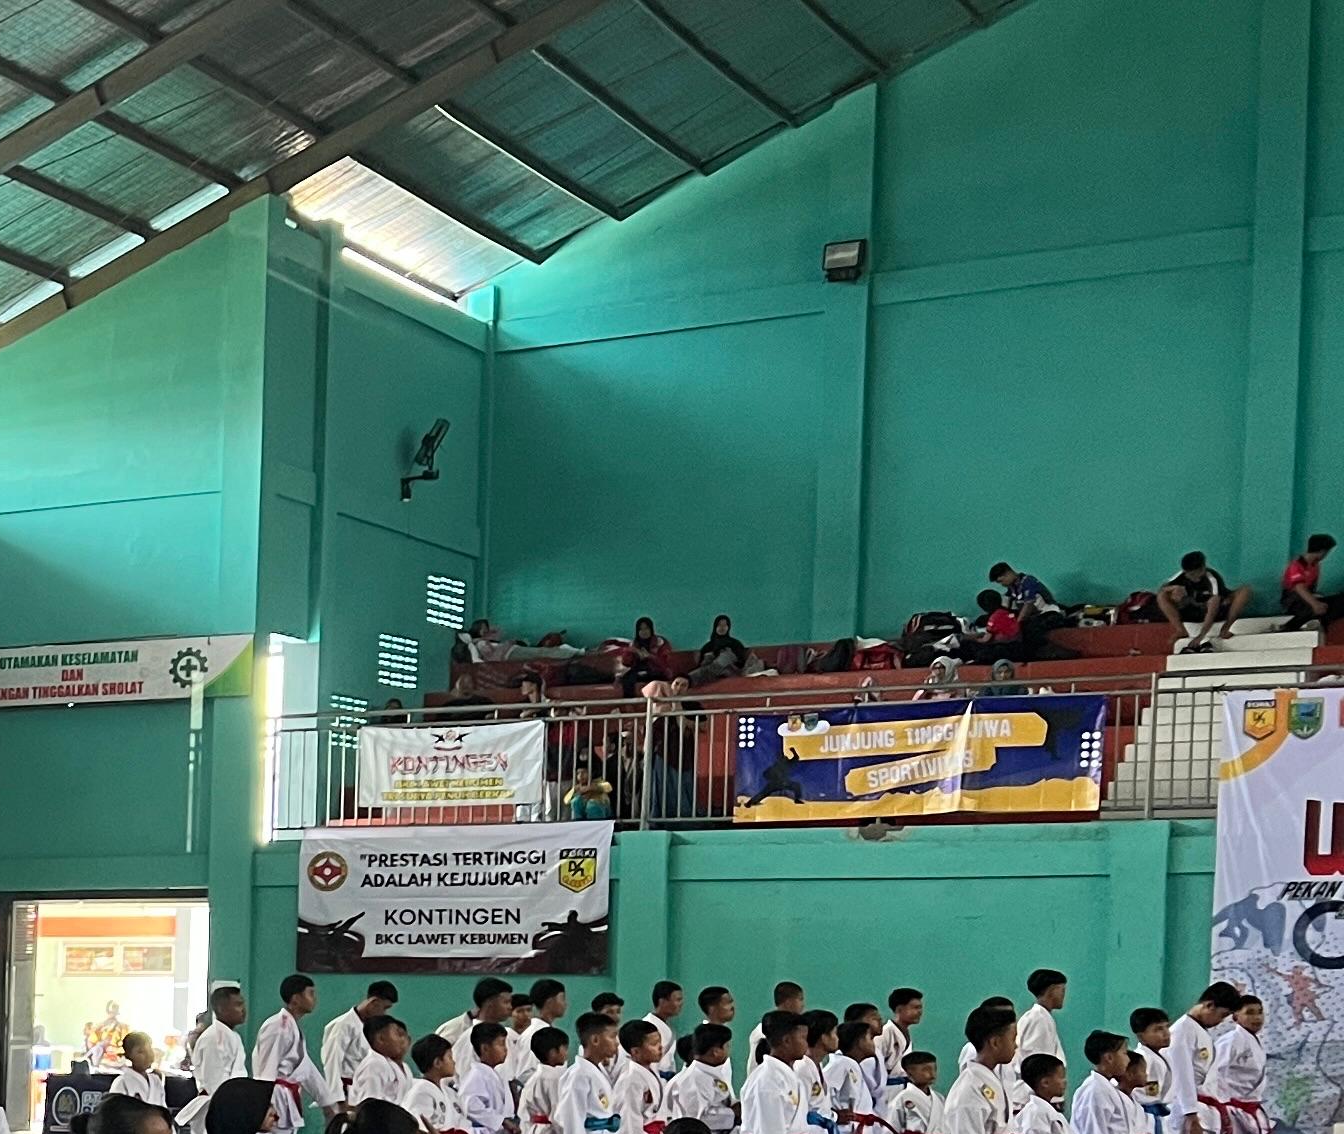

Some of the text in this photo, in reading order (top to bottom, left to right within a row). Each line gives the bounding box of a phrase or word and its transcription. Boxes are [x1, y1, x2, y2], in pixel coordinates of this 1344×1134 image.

[0, 649, 139, 670] UTAMAKAN KESELAMATAN
[62, 668, 84, 682] DAN
[32, 683, 99, 699] TINGGALKAN
[102, 680, 144, 695] SHOLAT
[820, 730, 895, 753] JUNJUNG
[968, 719, 1012, 738] JIWA
[389, 752, 508, 775] KONTINGEN
[867, 750, 974, 788] SPORTIVIS
[360, 850, 546, 868] "PRESTASI TERTINGGI
[361, 873, 432, 888] ADALAH
[437, 870, 547, 887] KEJUJURAN"
[1281, 881, 1343, 898] PEKAN
[384, 908, 521, 925] KONTINGEN
[375, 933, 528, 945] BKC LAWET KEBUMEN
=-=-=
__Your instructions__.
When you transcribe these entries, keep every word exact and drop the pictures.

__Answer__.
Some of the text in this photo, in reading order (top to bottom, left to right within a row). Each line gives the bounding box of a phrase or word and its transcription. Boxes are [x1, y1, x2, y2], in pixel coordinates of this 1344×1134 image.

[0, 649, 139, 670] UTAMAKAN KESELAMATAN
[62, 668, 84, 682] DAN
[32, 683, 99, 699] TINGGALKAN
[102, 680, 144, 695] SHOLAT
[820, 730, 895, 753] JUNJUNG
[968, 719, 1012, 738] JIWA
[389, 752, 508, 775] KONTINGEN
[867, 750, 974, 788] SPORTIVIS
[360, 850, 546, 868] "PRESTASI TERTINGGI
[361, 873, 432, 888] ADALAH
[437, 870, 547, 887] KEJUJURAN"
[1281, 881, 1343, 898] PEKAN
[384, 908, 521, 925] KONTINGEN
[375, 933, 528, 945] BKC LAWET KEBUMEN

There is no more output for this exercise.